Richard Hames takes this further, along the lines advocated by Paul Keating, asking us to consider a distinct pivot away from the traditional Western alliance with the UK and US, towards leveraging our commitment to multiculturalism as a strategic posture in the Asian Century, where “true security will come from webs of mutual understanding, from cultural translators who can navigate civilisational divides, and from recognising that our diversity isn’t a vulnerability to be managed but a strategic asset we’ve barely begun to utilise.”

He asks: “Imagine harnessing Australia’s unique ethno-cultural fabric as strategic infrastructure of bilingual professionals, working hand in glove with leading Aboriginal thinkers such as Marcia Langton and Noel Pearson chairing Track II diplomacy sessions with ASEAN counterparts, exposing the shallowness of great power posturing . . . while Vietnamese-Australian cybersecurity experts monitor disinformation flows in the Mekong Delta, their dual heritage allowing them to detect nuances invisible to monolingual analysts.”

Hames, with his longterm involvement in futurism, asks us to consider that “where ANZUS offers only the blunt instrument of military deterrence, our civilisational advantages provide something far more powerful: the capacity to prevent conflicts before they begin, to de-escalate tensions through cultural understanding, and to rebuild shattered regions without the baggage of colonial history.”

With the end of Pax Americana under President Trump, as Australia plots its path in the new multi-polar world order, old assumptions are rapidly being cast aside and new possibilities are being shaped, all the while against the ever-looming background of the inescapable impact of climate change—on energy systems, food production, patterns of human settlement, and sovereign risk.

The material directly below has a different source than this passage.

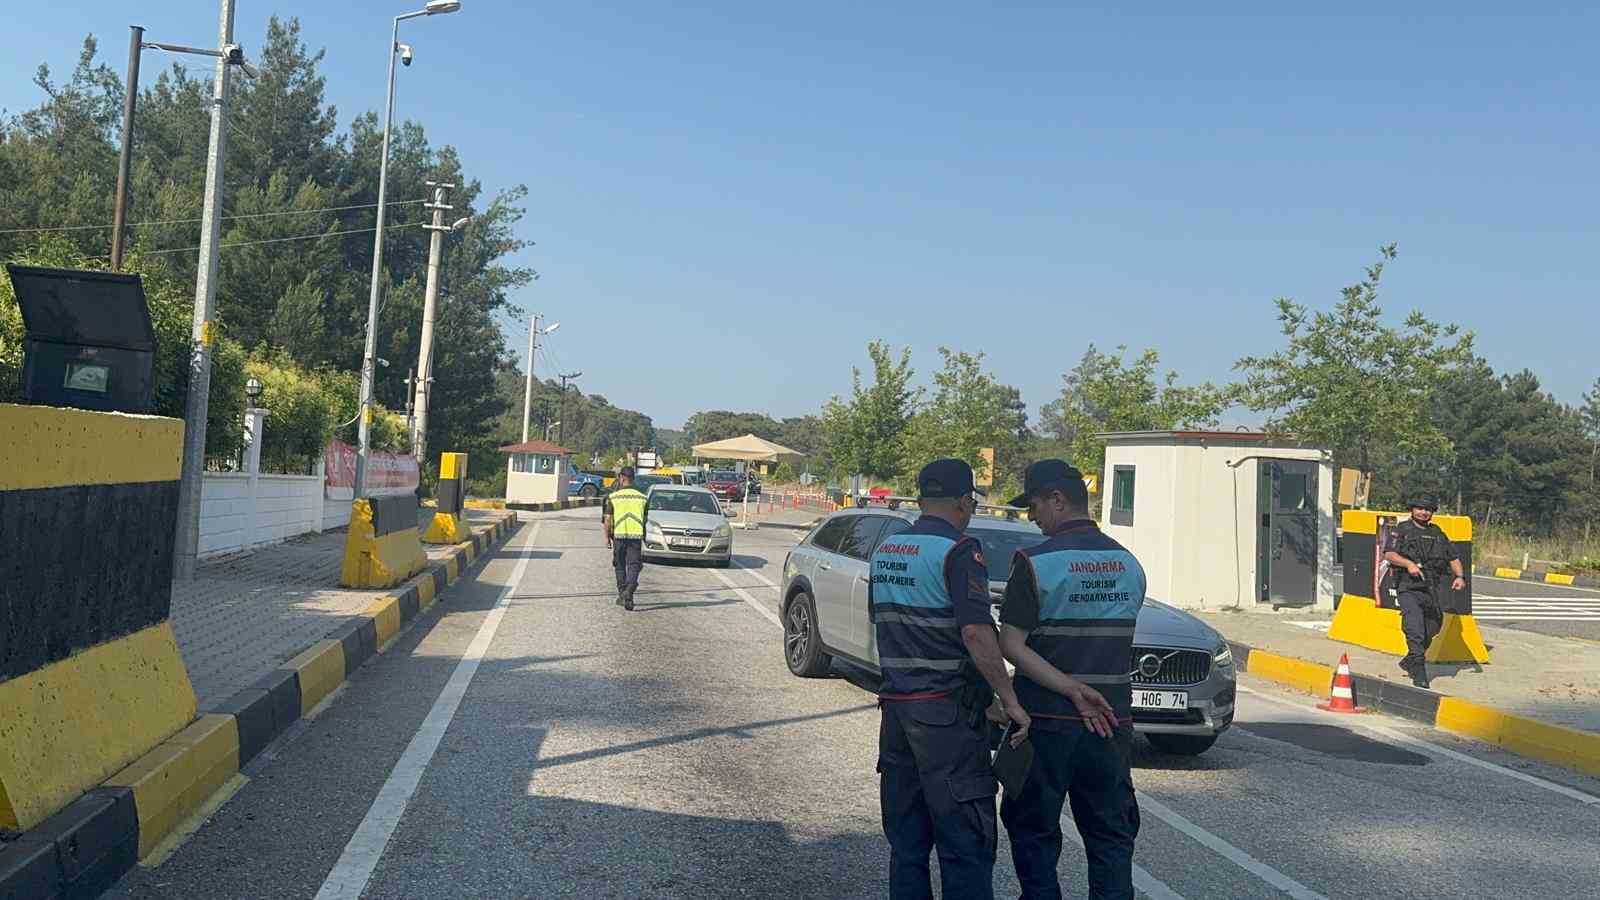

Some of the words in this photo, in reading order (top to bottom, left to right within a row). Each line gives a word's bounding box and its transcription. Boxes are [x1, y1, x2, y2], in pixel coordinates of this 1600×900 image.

A Test of Intellectual Sophistication

Rejecting the neo-liberal recipe for assertive militarised nationalism and rampant competitive individualism under market forces unrestrained by regulation and government oversight, Albanese has declared: “It is the mission and the measure of a Labor government to give the enduring ideals of fairness, aspiration and opportunity renewed and deeper meaning for more Australians. To deliver reforms that hold no one back and drive progress that leaves no-one behind.”

To meet this challenge the Albanese Government must take up the challenge that the Prime Minister delivered to The Australian journalist at the National Press Club on 10 June this year—the need to show more intellectual sophistication, not just in terms of strategic competition in the Indo-Pacific, but in the reframing of our human relationship with the more-than-human world.

This sits in marked contrast with the fevered AI dreams of the tech entrepreneurs of Silicon Valley: that we stand on the precipice of crossing the silicon-carbon divide with the evolution of a new super intelligent digital species, and an ability to colonise the planets of our solar system. In the spirit of the mind-body split that pervades Western culture, they dream of finally escaping into a disembodied mindsphere from the supposed limitations of our physical carbon embodiment, when God banished us from the Garden of Eden.

For a radically different view of the world of carbon, I recommend you read Paul Hawken’s book, Carbon: The Book of Life (2025), which he dedicates to the traditional Guardians of the land upon which it was written, the people of the Coastal Miwok nations. Hawkens reminds us that carbon enables and informs every aspect of consciousness, a benign sovereign directing the expression of the living world.